Myer also disputed the DNA claims of the filmmakers, citing a report by the head of the DNA laboratory at Hebrew University that concluded the sampling of the bone material was invalid and contaminated and could not be used to infer that "Jesus" and "Mariemene" were unrelated adults and, therefore, likely husband and wife.
"It was not even worth discussion. That should have closed the case," Myers told Christian Post.
The "smoking gun" at the conference, said Myers, was a surprise appearance by Ruth Gat, the widow of the archaeologist who excavated the tomb in 1980 and has since passed away.

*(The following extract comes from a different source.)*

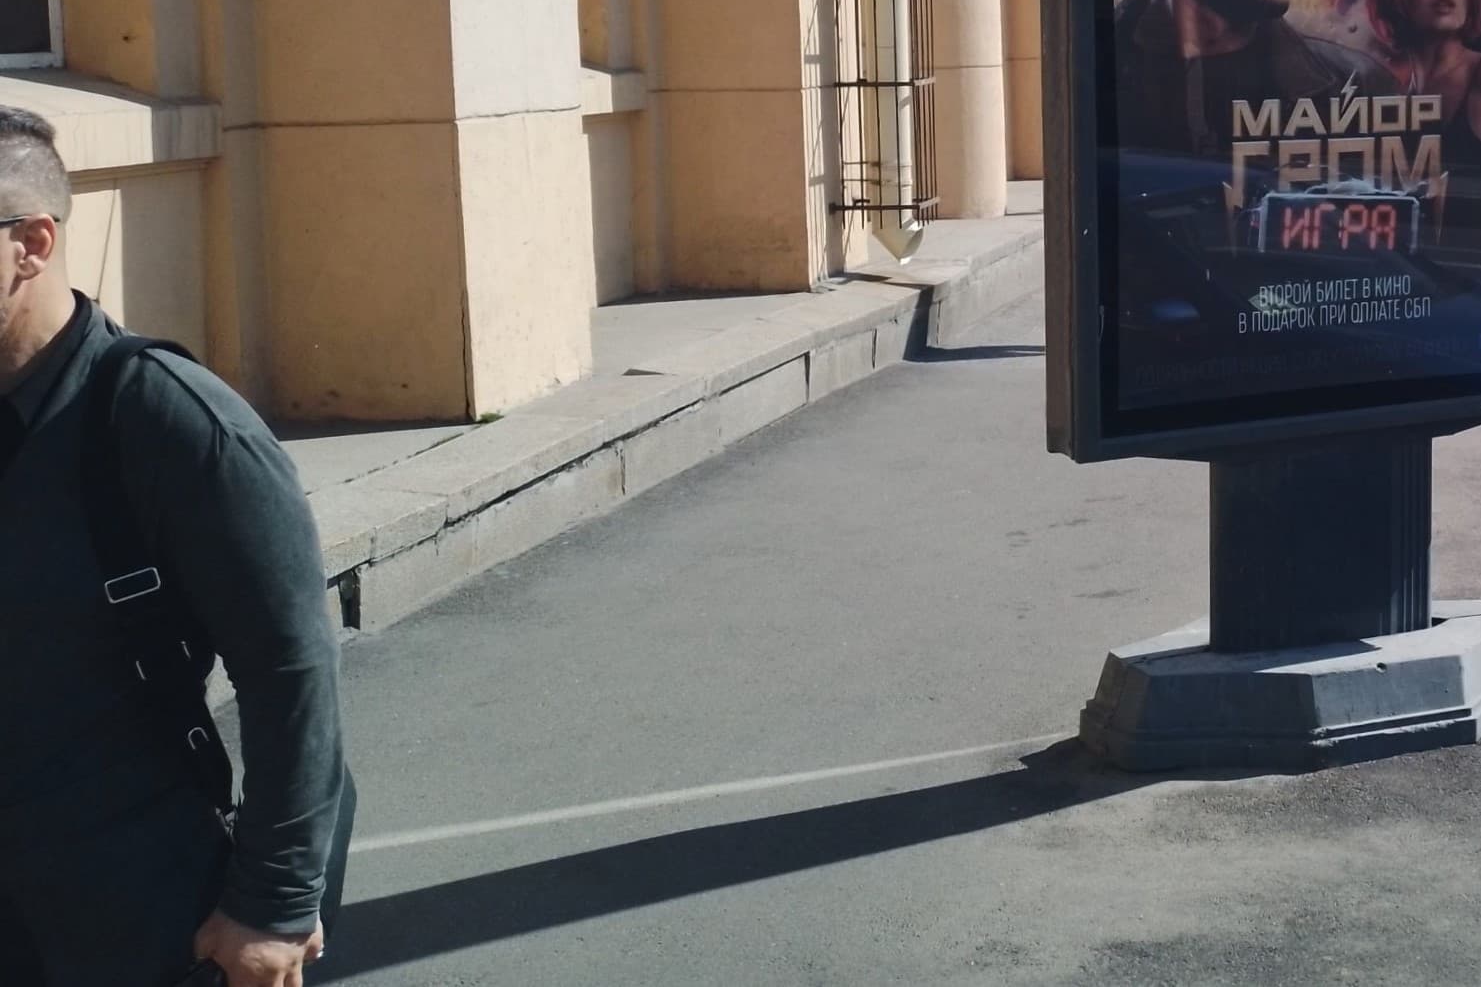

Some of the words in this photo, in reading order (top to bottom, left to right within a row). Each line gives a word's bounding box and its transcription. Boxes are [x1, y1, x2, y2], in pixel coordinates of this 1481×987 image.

Gat told the scholars her husband Yosef knew he had found "the burial tomb of Jesus Christ," but had "serious concerns and fears" over publicizing his discovery. Having been a child in Nazi-occupied Poland, he feared "a wave of anti-Semitism" because of his find.
Gat told the Jerusalem Post after her address her husband had been "staggered" by the discovery, and that he had discussed it with her "at the kitchen table."
Film director Jacobovici, who attended the symposium, said he "fell off the chair" when he heard her and claimed he had been vindicated by Gat’s statement.
But Gat’s claim was disputed by panelist Shimon Gibson, who was a young archeologist on the 1980 dig. He said Yosef never told him he believed the tomb was Jesus’.
Amos Kloner, former Jerusalem District archeologist, who wrote the excavation report from Gat’s minimal notes 16 years after the find, said the notion Gat believed he had found Jesus’ tomb was "absolutely not the case."
Further, noted Myers, Gat was a field archaelogist and did not have the epigraphic expertise to read the inscriptions.
According to Kloner, who called Jacobovici "a liar" at one session of the symposium and earlier branded the documentary "brain confusion," most of the bones found in the ossuaries 28 years ago were badly decomposed. Because of pressures from religious Jews, they were never subjected to anthropological tests and were transferred to the Religious Affairs Ministry for immediate reburial along with other remains found in construction projects and archaeological excavations. Their location is not known.